Omit the images, then print each record below exactly as it reads.

Images for object localization:
/---

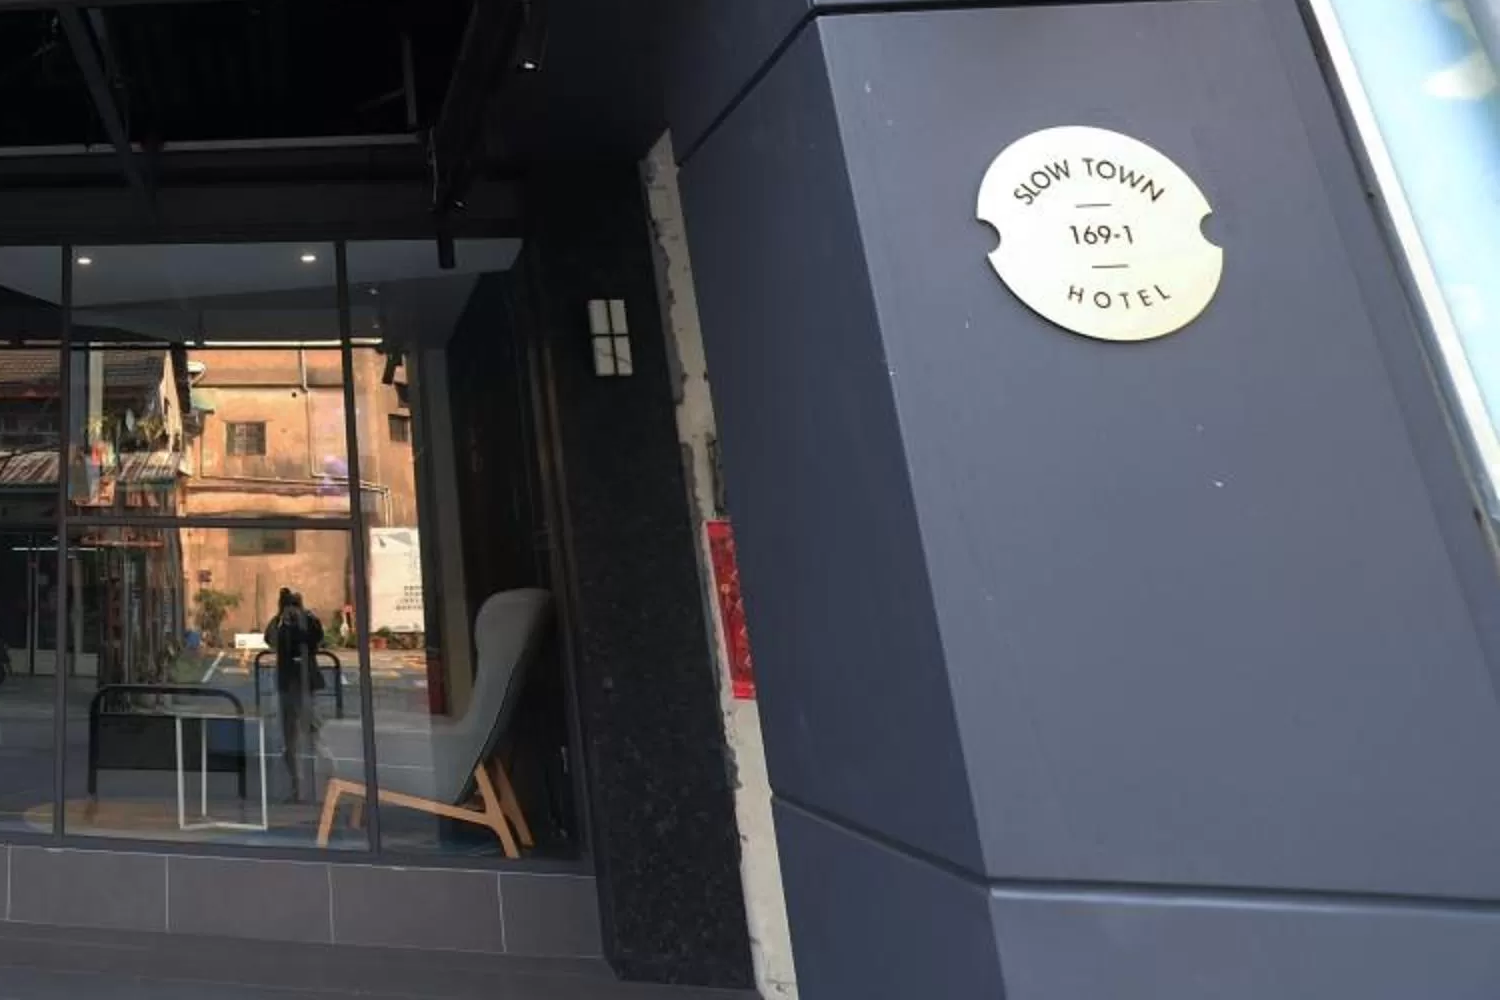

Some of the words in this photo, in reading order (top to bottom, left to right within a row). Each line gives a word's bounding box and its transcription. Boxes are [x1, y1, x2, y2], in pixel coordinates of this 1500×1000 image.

[1014, 159, 1071, 205] SLOW
[1082, 158, 1165, 202] TOWN
[1069, 225, 1134, 245] 169-1
[1068, 285, 1170, 309] HOTEL
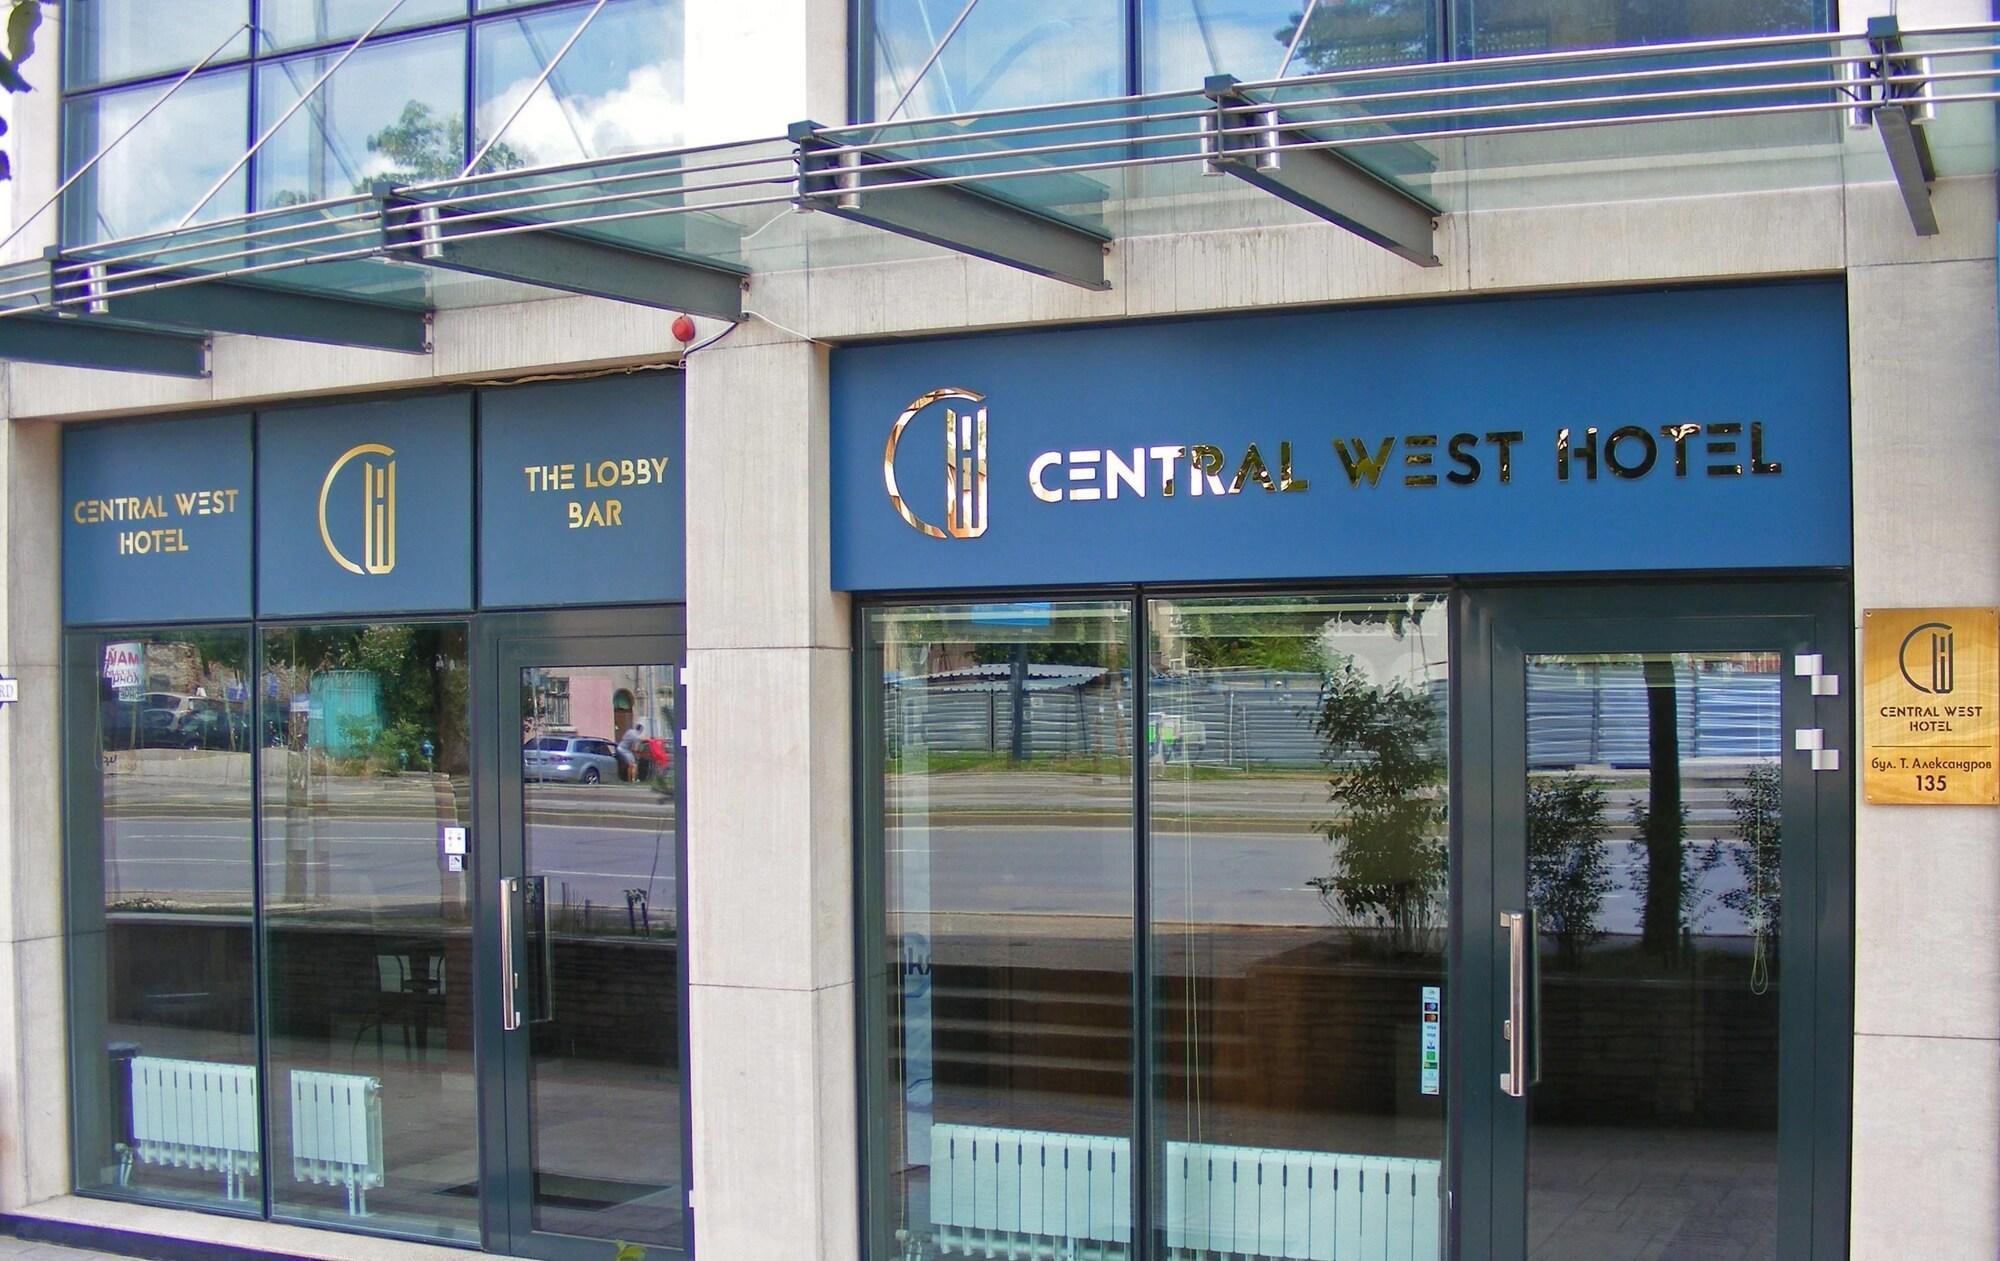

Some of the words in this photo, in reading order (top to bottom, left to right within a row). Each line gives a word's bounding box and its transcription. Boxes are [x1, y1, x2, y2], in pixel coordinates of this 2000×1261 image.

\---

» **ANSWER SECTION**
Some of the words in this photo, in reading order (top to bottom, left to right within a row). Each line gives a word's bounding box and its transcription. Boxes are [x1, y1, x2, y2], in pixel coordinates of this 1500×1000 image.

[1014, 159, 1071, 205] SLOW
[1082, 158, 1165, 202] TOWN
[1069, 225, 1134, 245] 169-1
[1068, 285, 1170, 309] HOTEL

Some of the words in this photo, in reading order (top to bottom, left to right within a row). Each line gives a word's bounding box and its transcription. Boxes are [x1, y1, x2, y2], in pixel coordinates of this 2000×1261 image.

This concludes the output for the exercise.